Now they have no intestinal parasites and their coats are like show dogs and their skin is in the perfect condition. They have a ton of energy and are even able to think more clearly. I know this because before when they had the worms they acted like they didn't understand any command such as sit, stay, or come. I have raised them their whole life Cesars way. We go on daily walks and practice the basic commands everyday. But when the parasites got bad they didn't care to walk and they wouldn't listen. Now that the war against the parasites is over my Friends are back to their old selves again and they sit and stay with one snap of a finger believe it or not just like Cesar's dog Junior or Daddy.
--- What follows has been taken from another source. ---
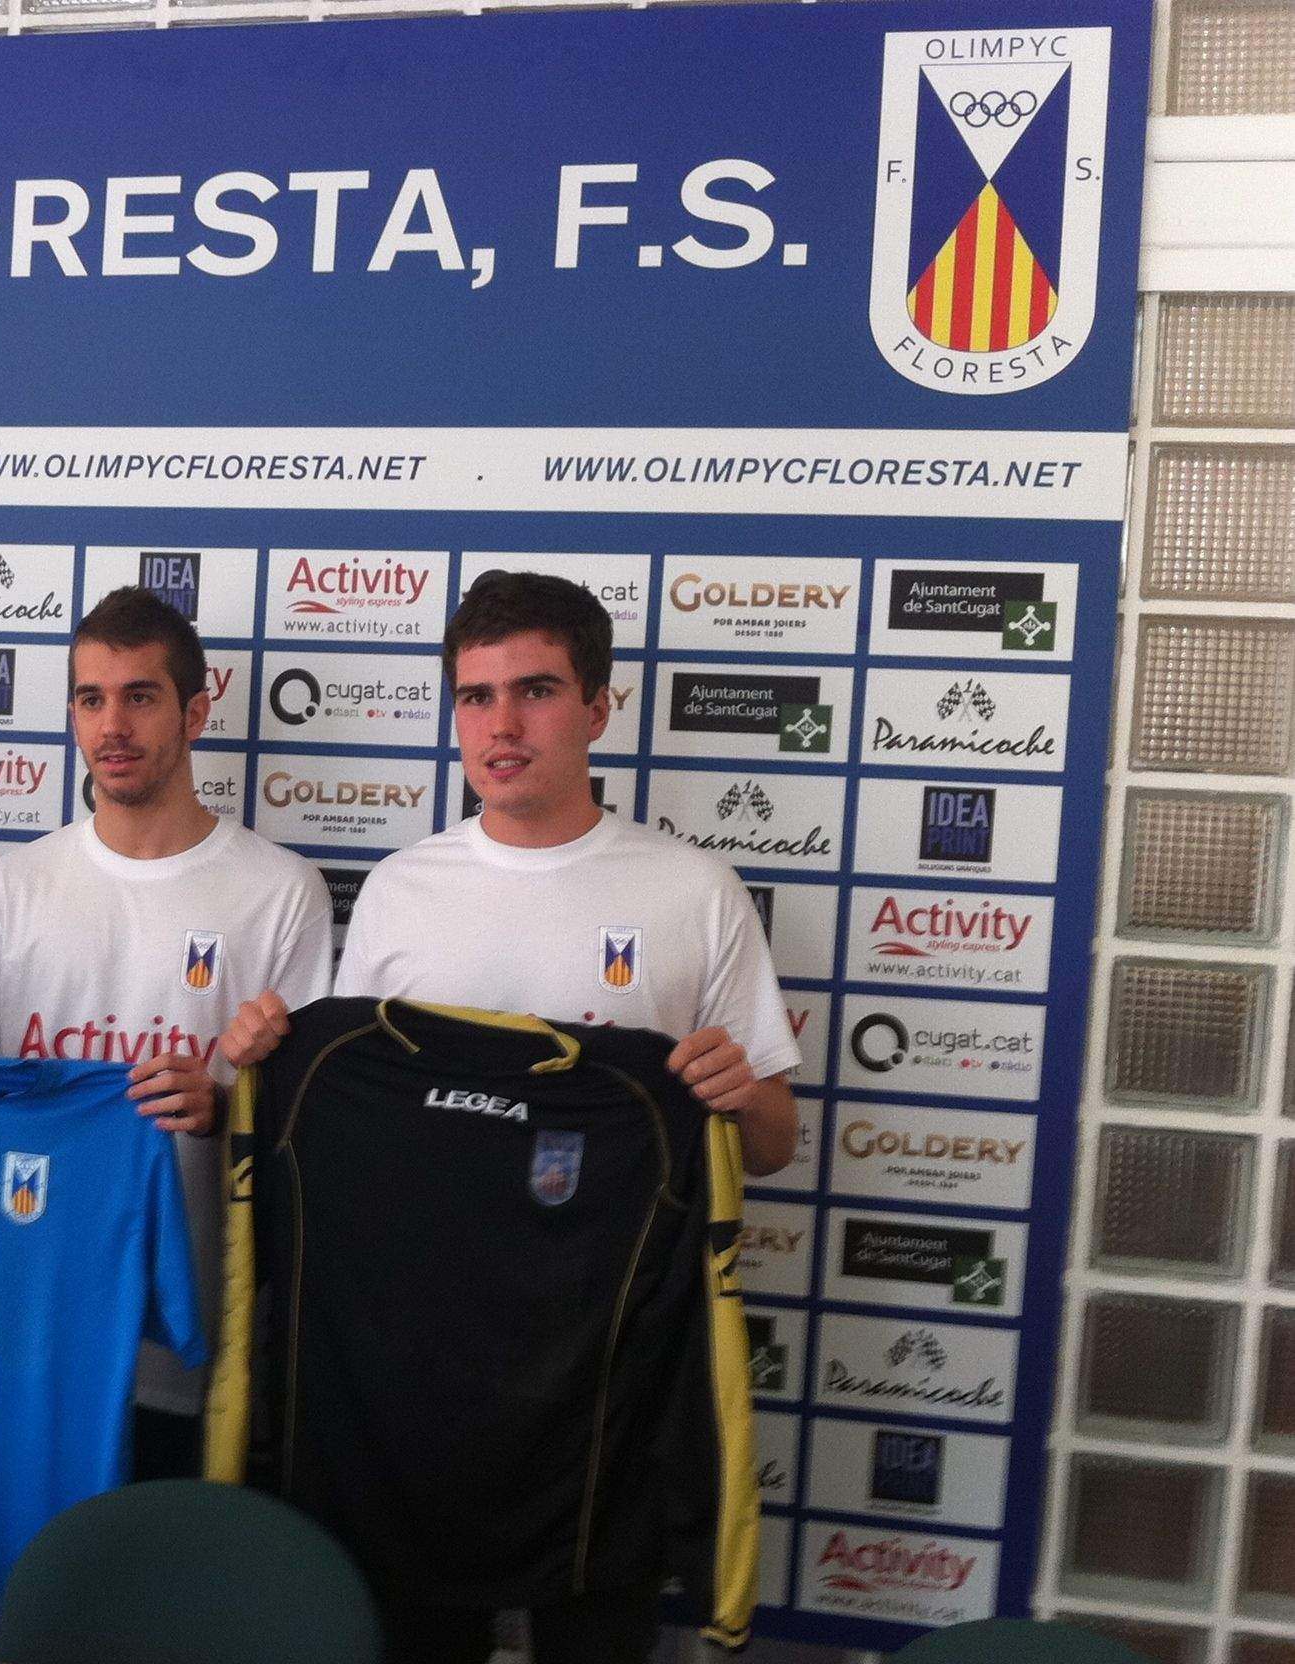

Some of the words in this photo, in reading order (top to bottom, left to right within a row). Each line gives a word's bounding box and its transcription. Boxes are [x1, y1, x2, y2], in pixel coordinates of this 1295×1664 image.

Please know the steps I took was as a last resort and under vet supervision and guidance. Although it worked perfectly and without any side effects remember every dog is different. So it is best to try the vet first then go from there and make sure to do your homework.

Thank you for your time I hope this helps. James

Replied by Lori
(Pittsburgh, Pa)

James the reason you were seeing more tape worms in the stool is because the DE was working. It was eliminating them from the body that's why you were seeing more. The DE was flushing them out of their system. There is no way DE can make Tape worms worse. It will make the skin slightly dry if used constantly to combat fleas and ticks but that is a small price to pay considering what a flea infestation can do aside from what harsh topical pesticides like Frontline and Advantage do.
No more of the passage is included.